**DATASET**
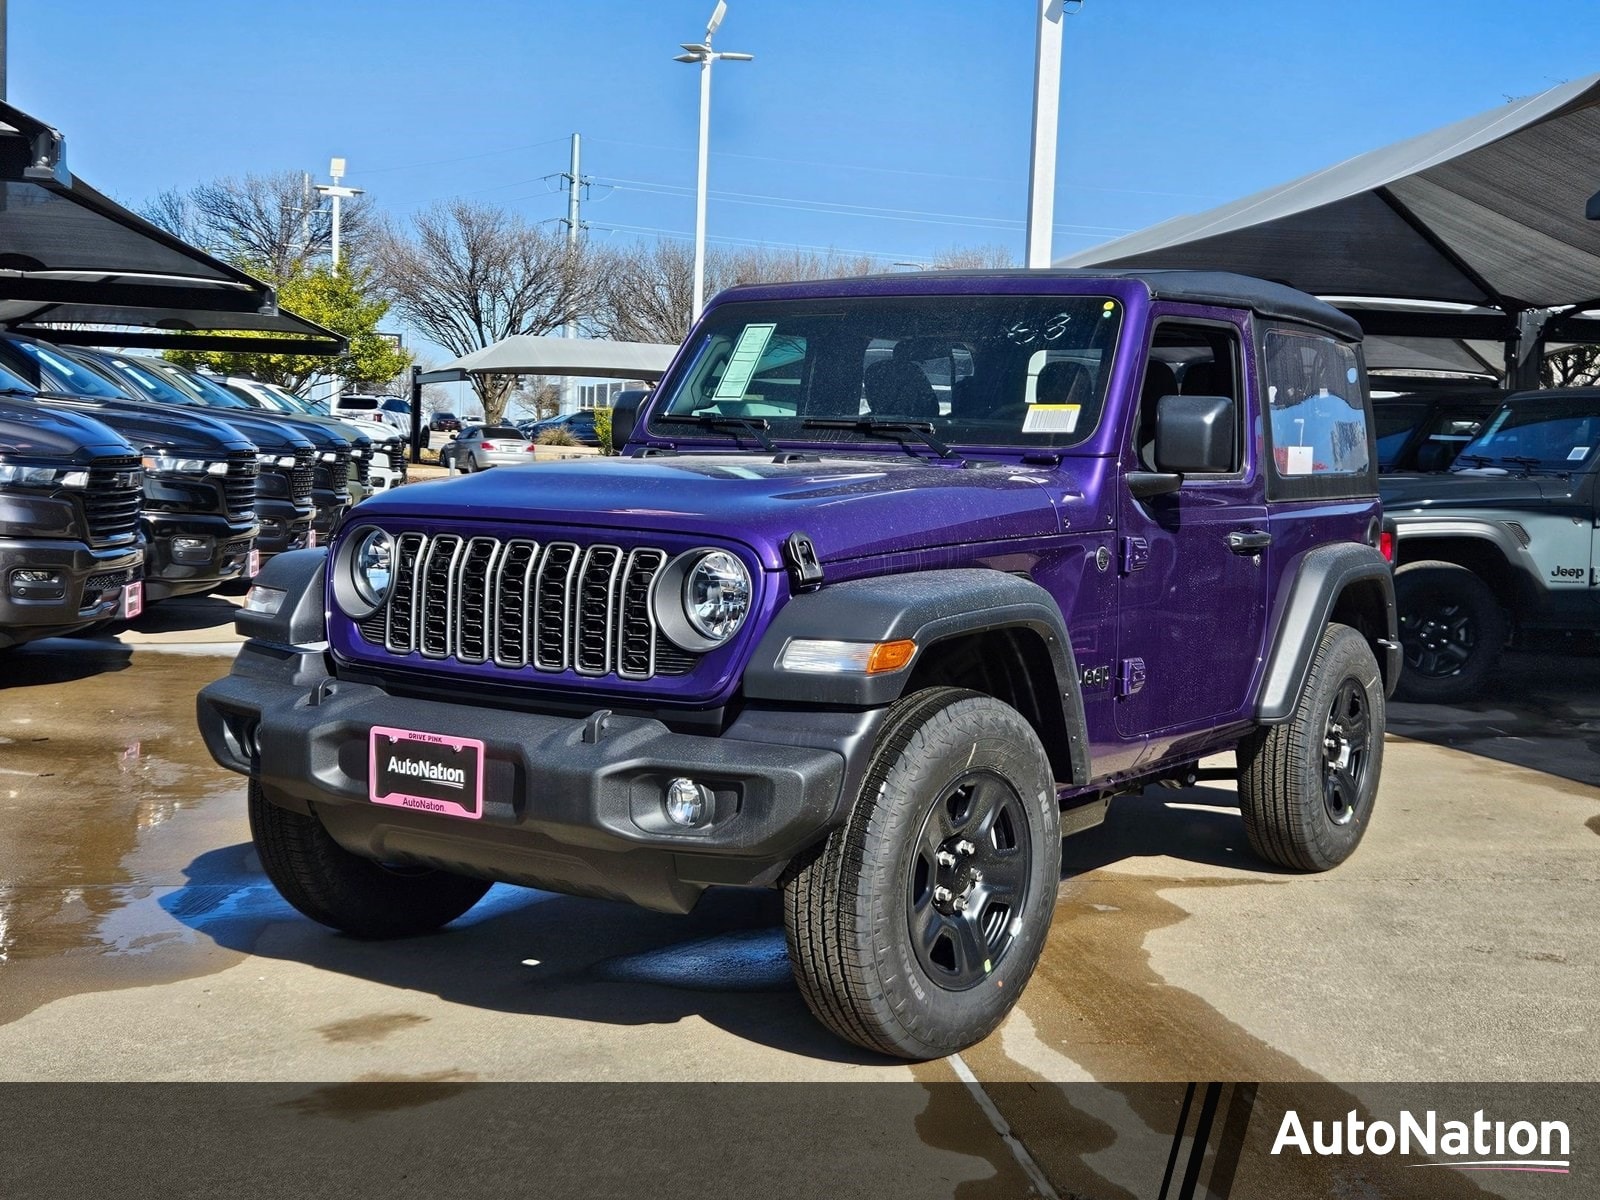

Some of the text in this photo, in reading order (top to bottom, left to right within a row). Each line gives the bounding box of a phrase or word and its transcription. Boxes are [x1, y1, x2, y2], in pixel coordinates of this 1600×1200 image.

[1550, 565, 1585, 579] Jeep
[408, 732, 426, 741] DRIVE
[387, 756, 465, 783] AutoNation
[402, 797, 446, 812] AutoNation

**TRY IT**
Any images must be dropped; all other material is to be printed exactly.

**PROBLEM SOLUTION**
Some of the text in this photo, in reading order (top to bottom, left to right within a row). Each line gives the bounding box of a phrase or word and its transcription. Boxes are [x1, y1, x2, y2], in pixel coordinates of this 1600×1200 image.

[1550, 565, 1585, 579] Jeep
[408, 732, 426, 741] DRIVE
[387, 756, 465, 783] AutoNation
[402, 797, 446, 812] AutoNation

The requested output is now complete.